鉴于淀粉类食品（碳水化合物）带来的诸多问题，引发了低碳水化合物饮食的热潮，甚至取消一切碳水化合物，以减少能量摄入量。 事实上，摄入一定量的碳水化合物对人体健康是必需的。 从生理角度来讲， 人体50%的能量建议由碳水化合物提供，并且葡萄糖是大脑的主要能量来源，葡萄糖代谢的严格调节是大脑生理机能的关键[12-13]。 从心理需求来讲， 自古以来人们已经习惯于以淀粉为主食，难以接受长期不吃碳水化合物的生活。

基于人类生存环境和饮食需求的转变，传统食品行业面临巨大挑战。 为了解决食物供给、食物质量、食品安全和营养等问题，未来食品行业将开发和利用多学科前沿颠覆性技术，根据营养与功能的多元化需求，实现未来食品高效、智能、定制化生产[14-15]。 淀粉基未来食品为未来食品技术发展的重要组成部分，开展淀粉基未来食品科技创新和产业协同发展，高效生产出更加营养、健康、美味的新型淀粉加工食品，对我国食品工业健康可持续发展具有重大意义。 目前，已有多种方法可以适当改变淀粉类食品性质，获得低热量且具有益生作用的淀粉改性产品。 这些产品主要包括抗性淀粉、环糊精、抗性糊精和低聚异麦芽糖等。 作者介绍了其生化特征和生理功能，重点阐述了各产品的制备方法，列举和分析了相关案例，并对其发展趋势提出了建议。

1 抗性淀粉

抗性淀粉（resistant starch，RS）是不被健康个体小肠所吸收的淀粉及其降解物的总称，是一种不可溶膳食纤维，存在于多种淀粉类食品中。 抗性淀粉具有许多优良的理化特性，如溶胀性、增黏性和成胶性好、持水性低、粒径小、颜色浅、口感舒适，可在食品加工过程中有效改善加工工艺和产品质构[16-17]。抗性淀粉可以在大肠中被肠道微生物发酵产生多种短链脂肪酸（如乳酸和琥珀酸等）以及多种气体。抗性淀粉及其代谢产物能够在人体内发挥多种生理功能，如改善胃肠道功能、预防多种肠道疾病、防控糖尿病、降低血糖指数和胆固醇、抗肿瘤、调节免疫、增加有益菌、促进矿物质的吸收等，从而促进人体健康[18-19]。 因此，抗性淀粉作为一种新型膳食纤维，其性质和功能优于传统膳食纤维，已成为食品领域研究的热点，引起了食品企业、营养学家和消费者的广泛关注。
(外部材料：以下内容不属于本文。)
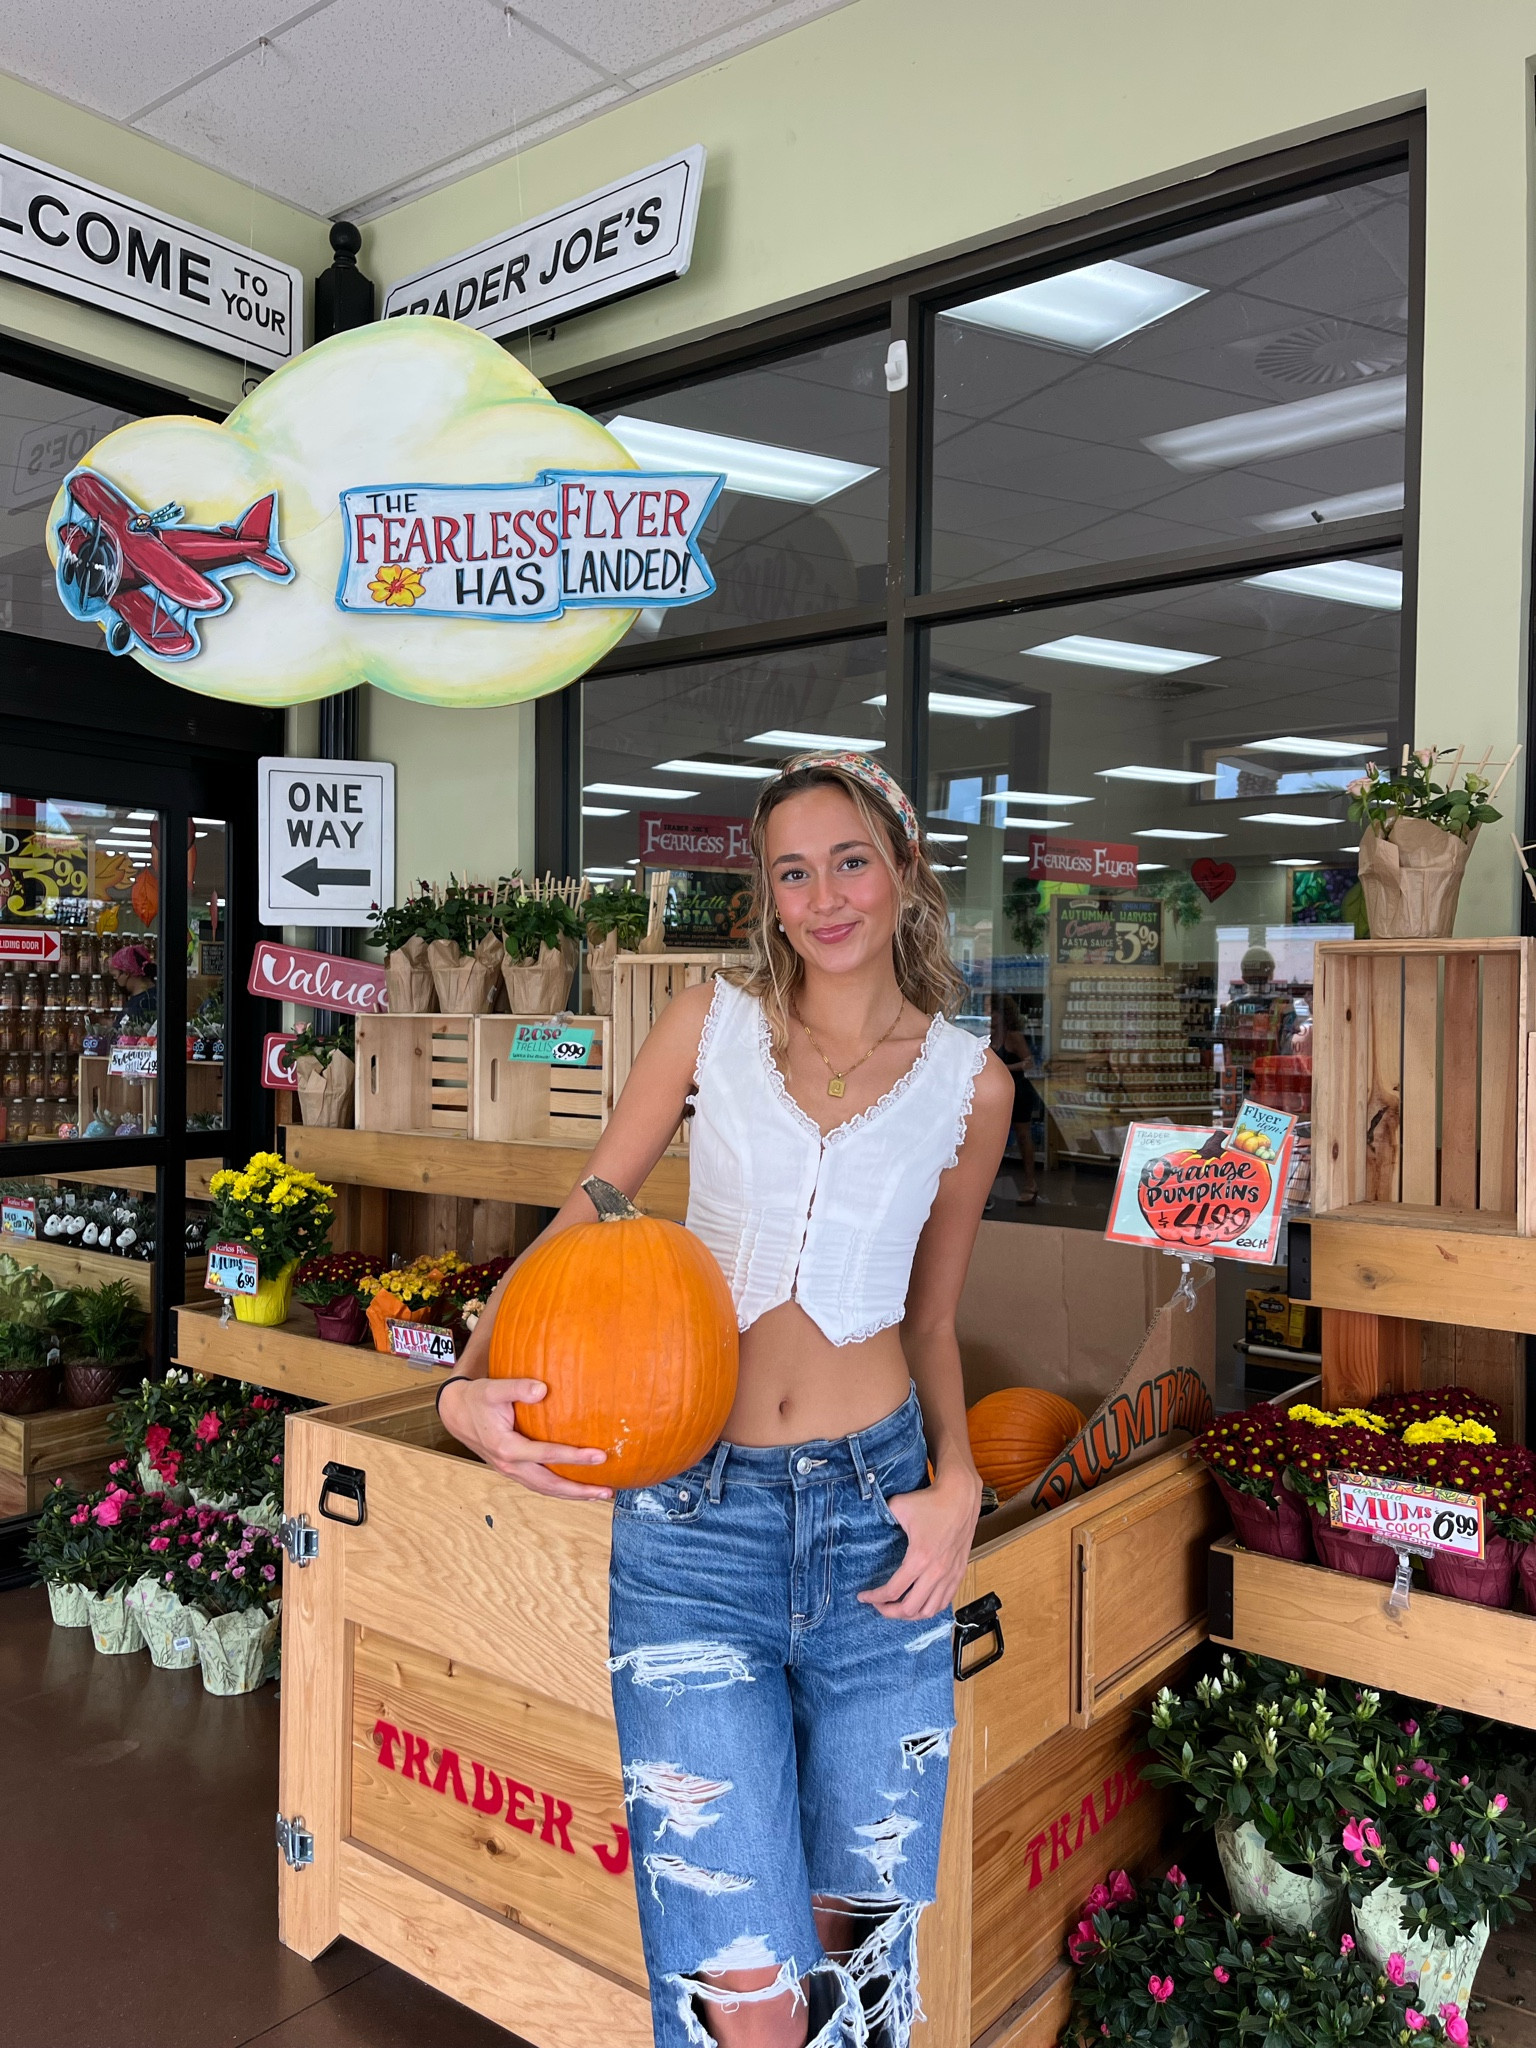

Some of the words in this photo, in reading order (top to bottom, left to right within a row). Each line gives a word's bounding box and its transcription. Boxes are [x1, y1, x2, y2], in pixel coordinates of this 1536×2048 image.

根据来源和性质差异，抗性淀粉可分为5 种类型（见表1）。 其中，RS1 和RS2 主要来源于天然淀粉，其晶体结构紧密，并且由于颗粒大导致比表面积小；同时，淀粉颗粒表面的光滑致密层能够阻碍淀粉与酶分子接触，因此消化率低[20]。 RS3、RS4 和RS5 均需经过淀粉加工改性生成。 RS3 是目前研究和应用最广泛的抗性淀粉类型，它是一种在加工过程中通过老化回生作用由直链淀粉形成的短直链晶体；RS4 是在化学作用下通过改变淀粉分子结构或引入新的化学基团，从而限制其被酶解并且也不能被微生物发酵利用的淀粉；RS5 是一种新型抗性淀粉，是由直链淀粉与脂质结合形成的具有螺旋结构的复合物[18，21]。

表1 抗性淀粉的分类、来源和特征[16，22]Table 1 Classification, sources and characteristics of resistant starch

抗性淀粉含量受到淀粉来源、颗粒结构、晶体类型、直链淀粉和支链淀粉组分比例、加工工艺、储存条件等多种因素的影响。 鉴于抗性淀粉优良的功能特性和市场需求，越来越多的研究人员致力于通过改进传统的改性方法和技术创新来提高抗性淀粉产量，以促进抗性淀粉的工业化生产。 目前，抗性淀粉（主要指RS3、RS4 和RS5）主要是通过物理法、化学法、生物法的单一工艺或多种工艺组合进行制备，通过改变分子组成和结构，达到抗消化的作用。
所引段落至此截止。